(Data records)

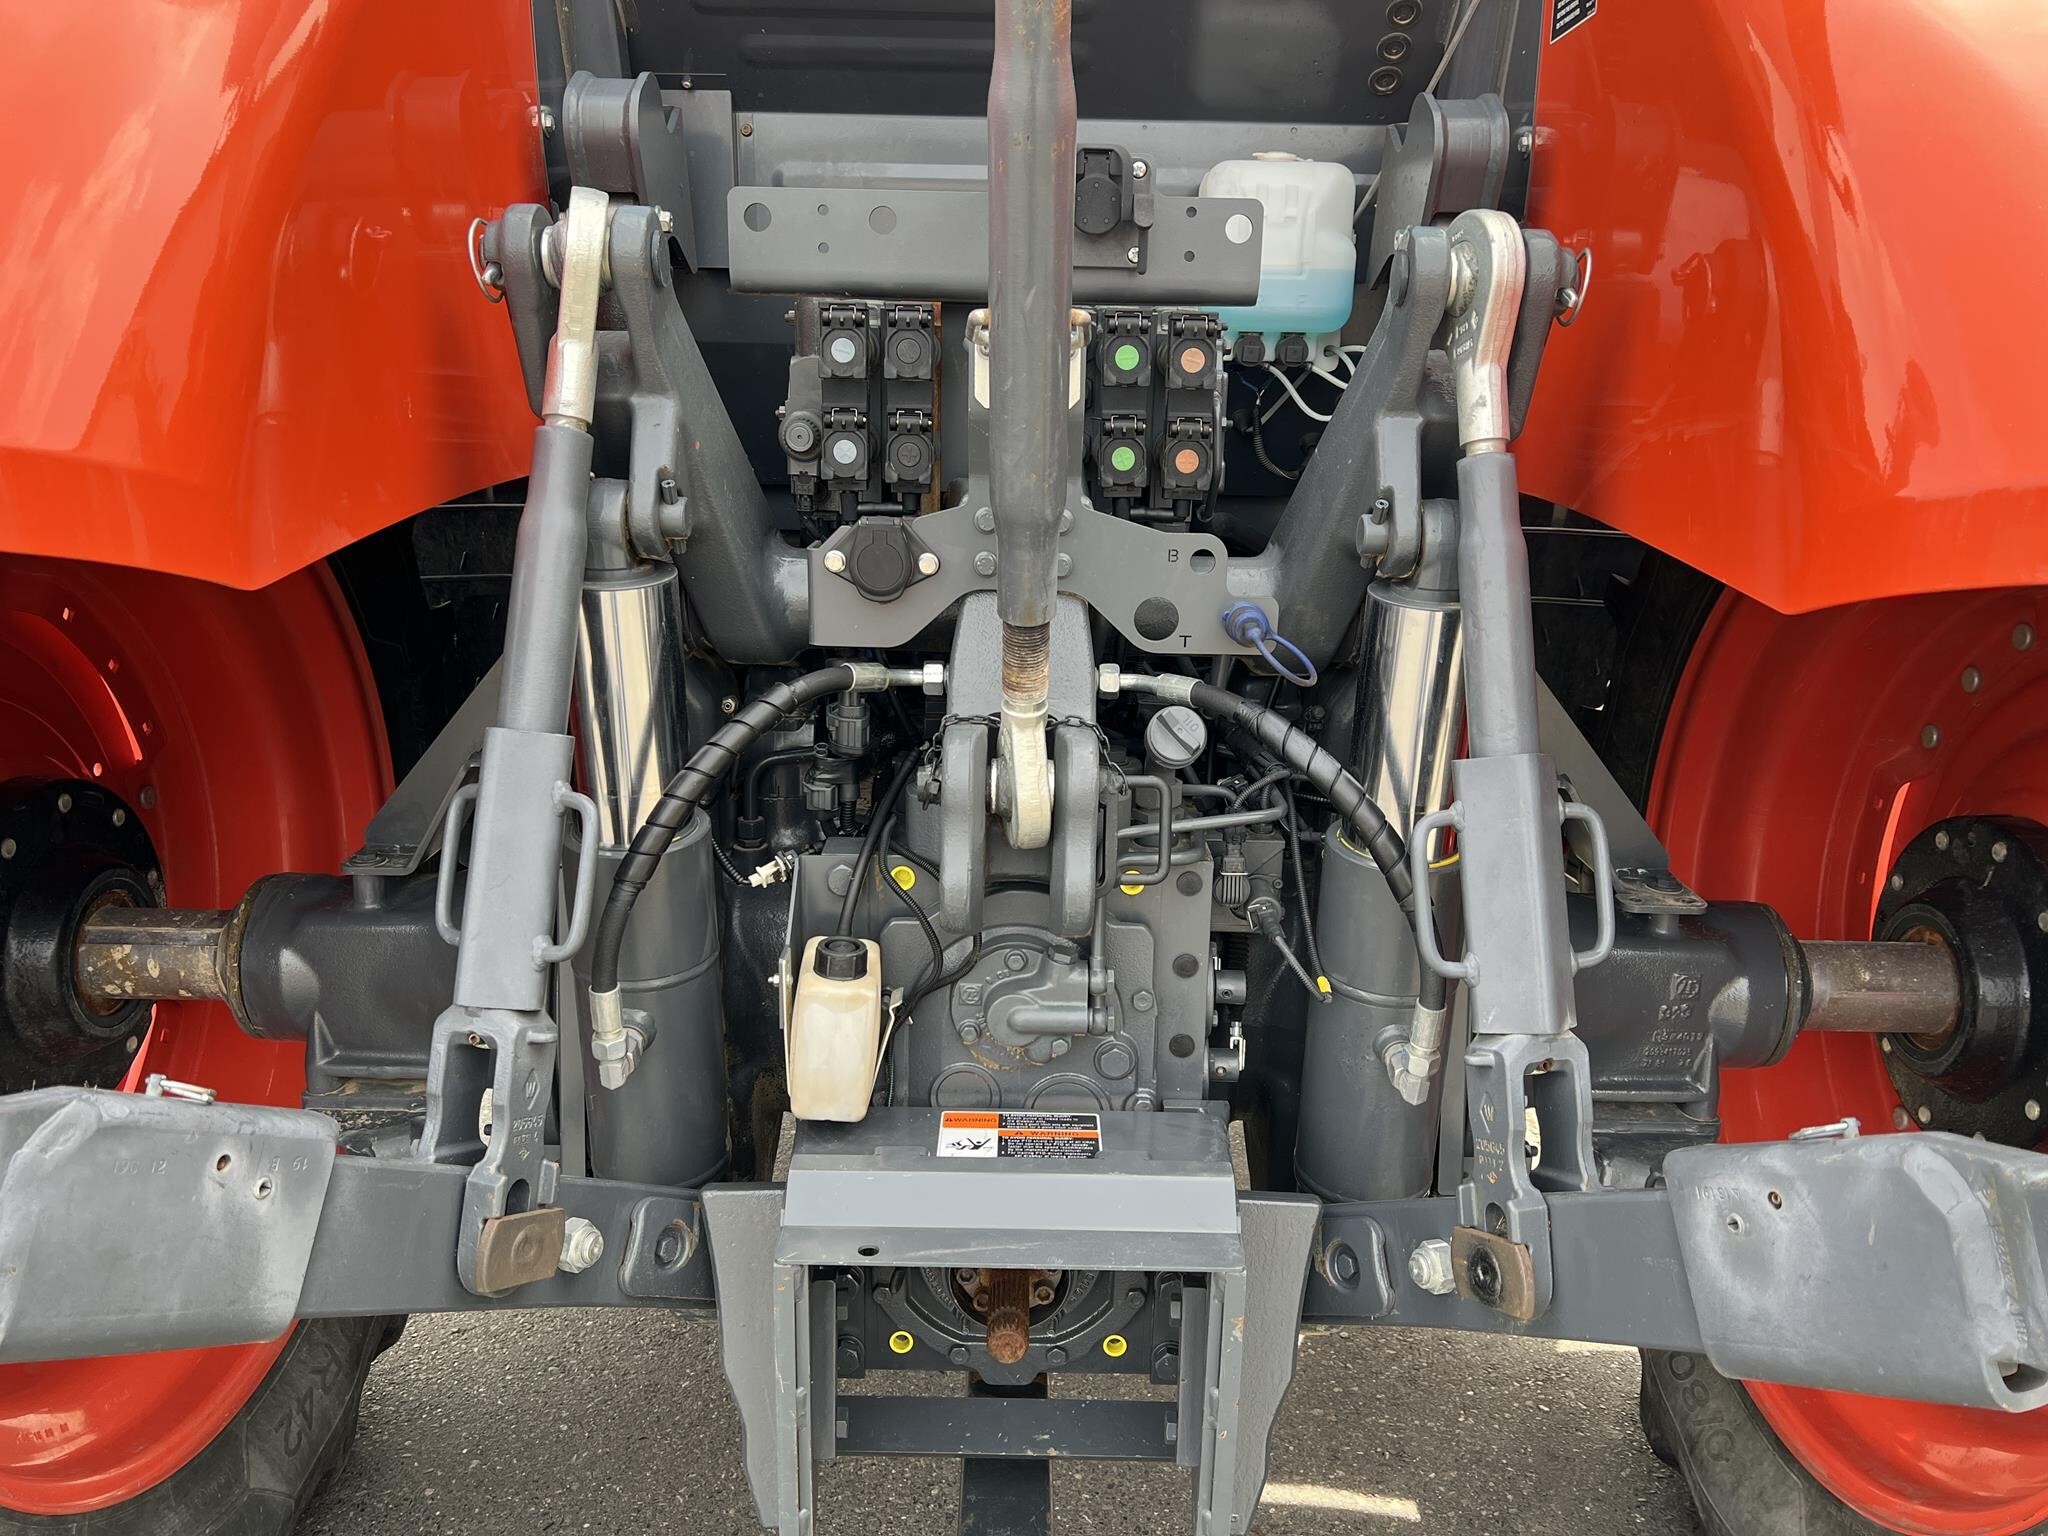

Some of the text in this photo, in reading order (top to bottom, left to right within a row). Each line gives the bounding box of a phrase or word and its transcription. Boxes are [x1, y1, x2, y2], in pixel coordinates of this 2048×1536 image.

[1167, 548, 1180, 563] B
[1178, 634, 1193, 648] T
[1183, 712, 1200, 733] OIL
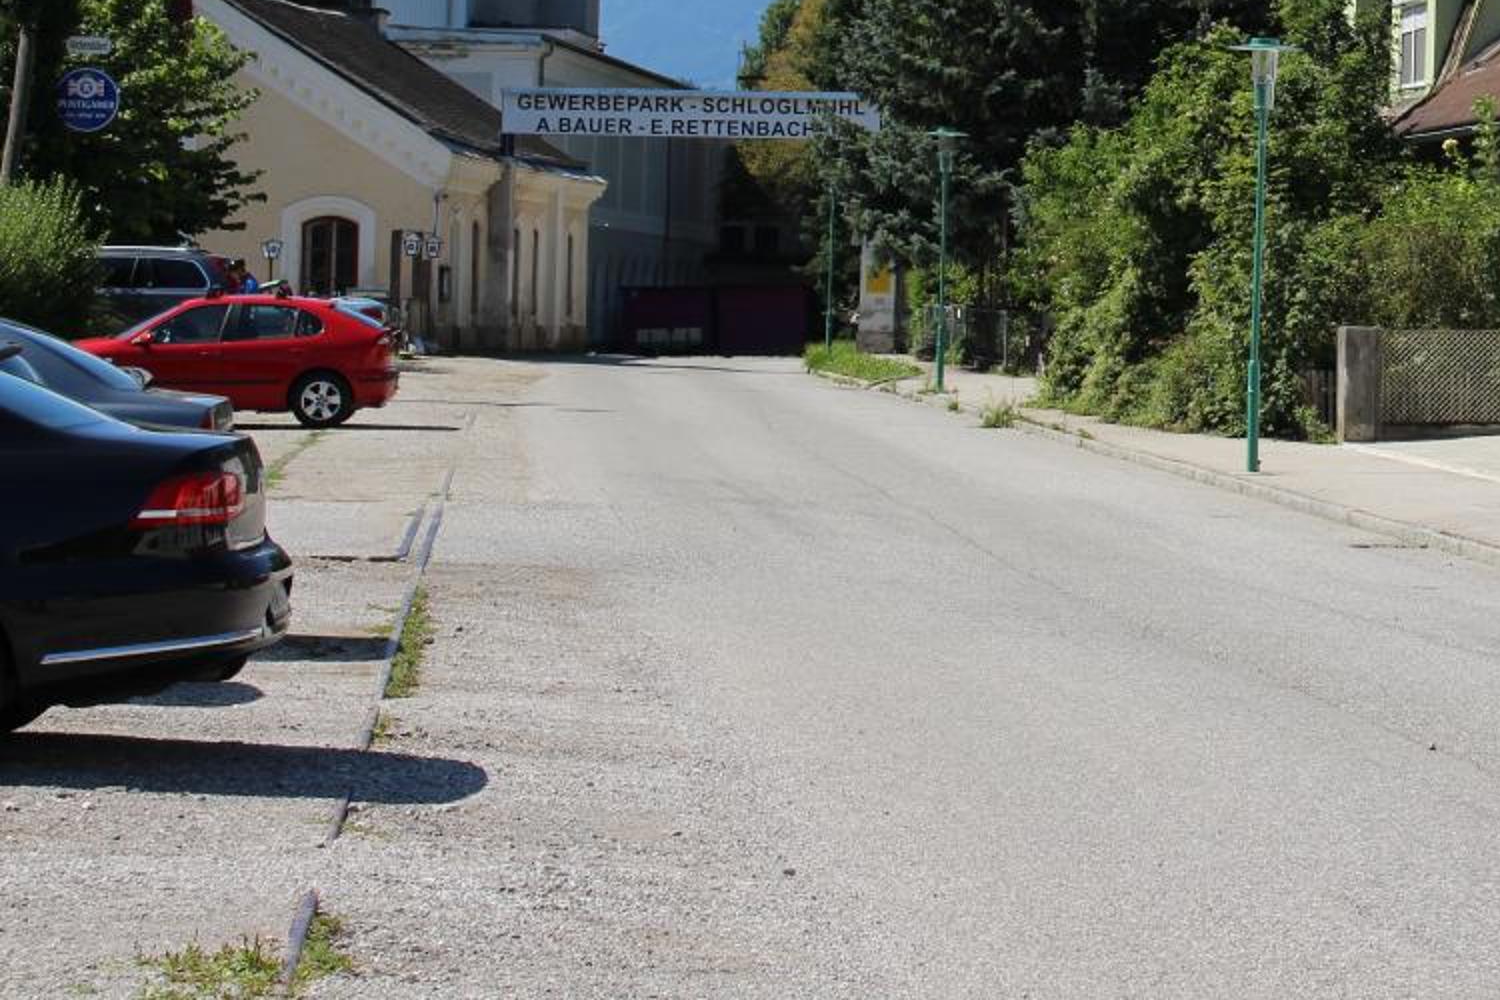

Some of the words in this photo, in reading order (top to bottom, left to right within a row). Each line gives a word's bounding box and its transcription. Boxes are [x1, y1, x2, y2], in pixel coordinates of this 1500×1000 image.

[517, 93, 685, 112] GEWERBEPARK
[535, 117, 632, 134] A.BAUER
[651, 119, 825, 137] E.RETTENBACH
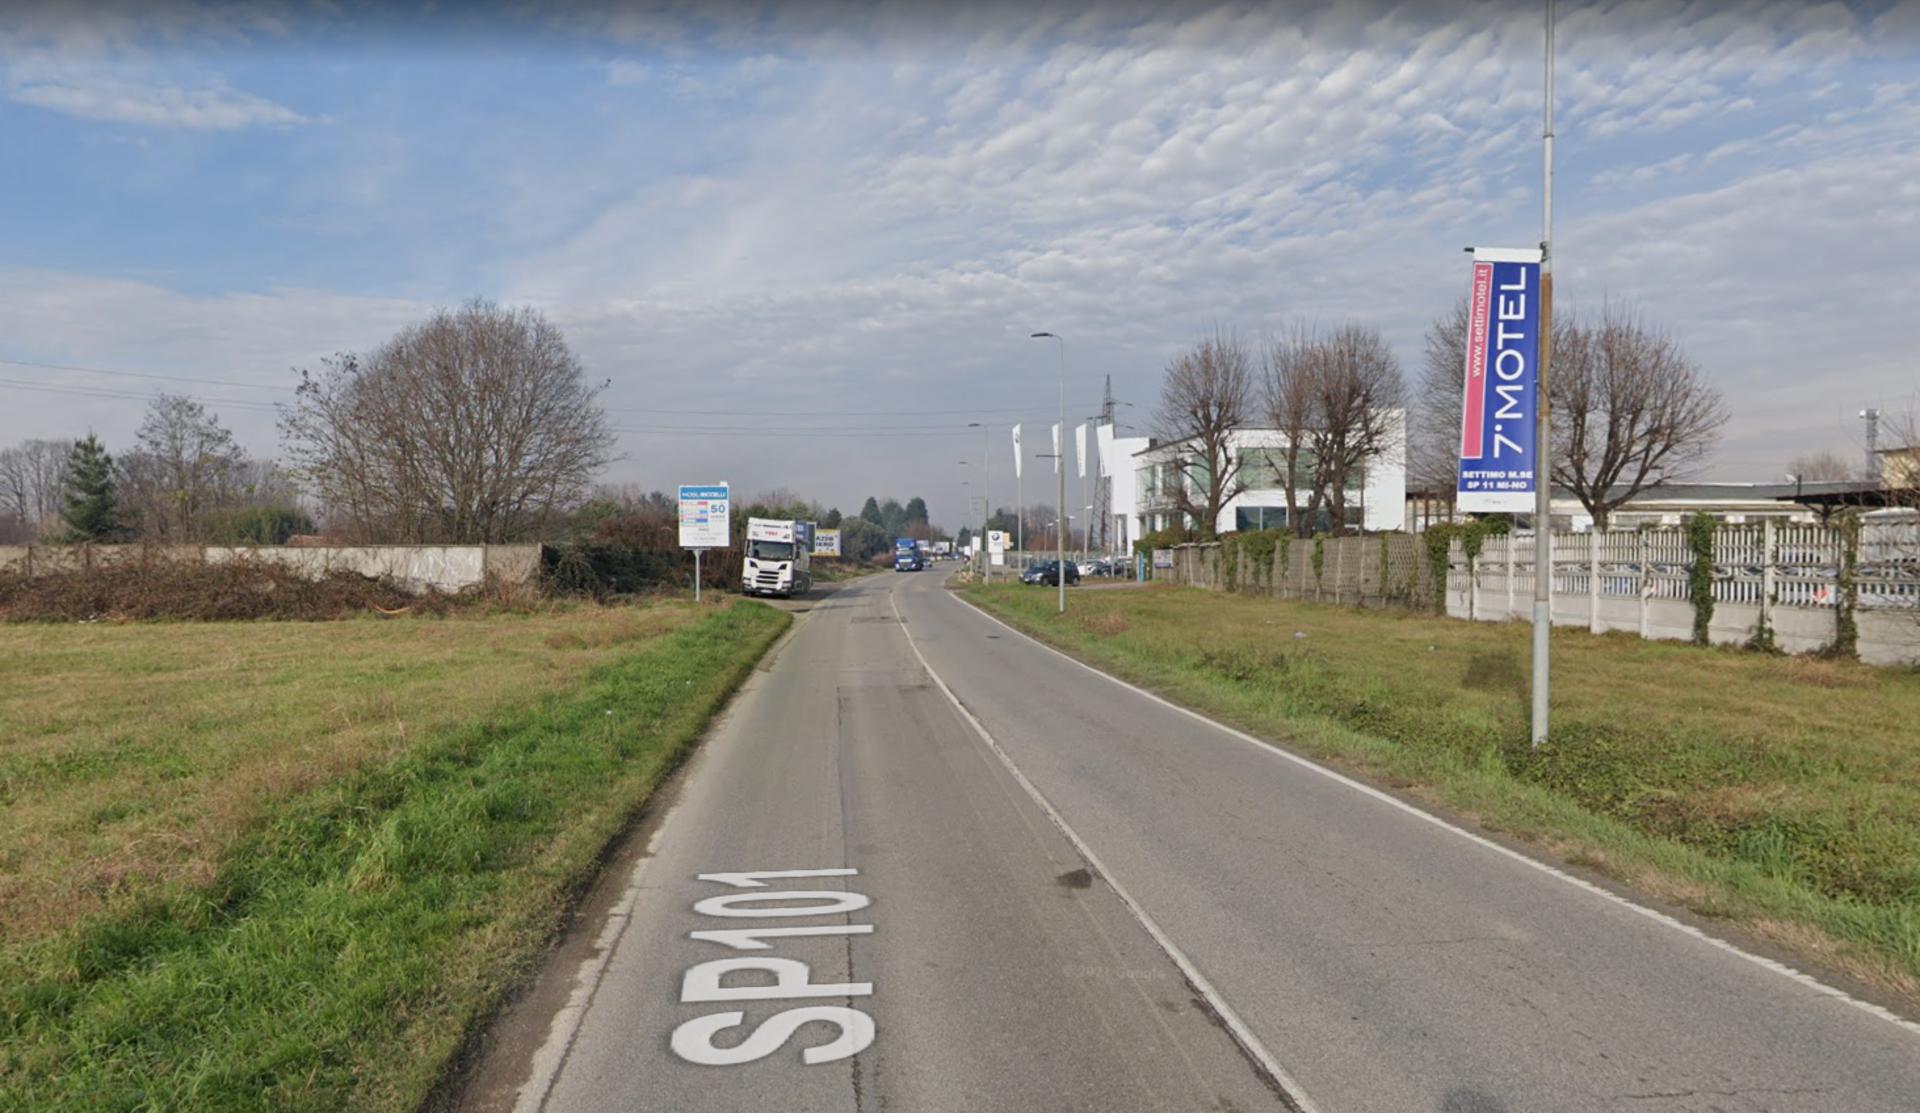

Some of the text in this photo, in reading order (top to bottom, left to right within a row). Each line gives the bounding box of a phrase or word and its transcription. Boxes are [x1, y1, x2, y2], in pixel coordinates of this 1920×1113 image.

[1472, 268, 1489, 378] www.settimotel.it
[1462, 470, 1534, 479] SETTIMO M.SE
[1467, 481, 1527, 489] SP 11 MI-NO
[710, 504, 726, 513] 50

→ **What you are asked to do**:
Copy every entry exactly, leaving out the pictures.

→ **Your response**:
Some of the text in this photo, in reading order (top to bottom, left to right within a row). Each line gives the bounding box of a phrase or word and its transcription. Boxes are [x1, y1, x2, y2], in pixel coordinates of this 2048×1536 image.

[1167, 548, 1180, 563] B
[1178, 634, 1193, 648] T
[1183, 712, 1200, 733] OIL

Some of the words in this photo, in reading order (top to bottom, left to right within a row). Each line gives a word's bounding box and its transcription. Boxes are [x1, y1, x2, y2], in pixel coordinates of this 1500×1000 image.

[517, 93, 685, 112] GEWERBEPARK
[535, 117, 632, 134] A.BAUER
[651, 119, 825, 137] E.RETTENBACH

Some of the text in this photo, in reading order (top to bottom, left to right within a row). Each line gives the bounding box of a phrase or word and its transcription. Boxes are [x1, y1, x2, y2], in pixel coordinates of this 1920×1113 image.

[1472, 268, 1489, 378] www.settimotel.it
[1462, 470, 1534, 479] SETTIMO M.SE
[1467, 481, 1527, 489] SP 11 MI-NO
[710, 504, 726, 513] 50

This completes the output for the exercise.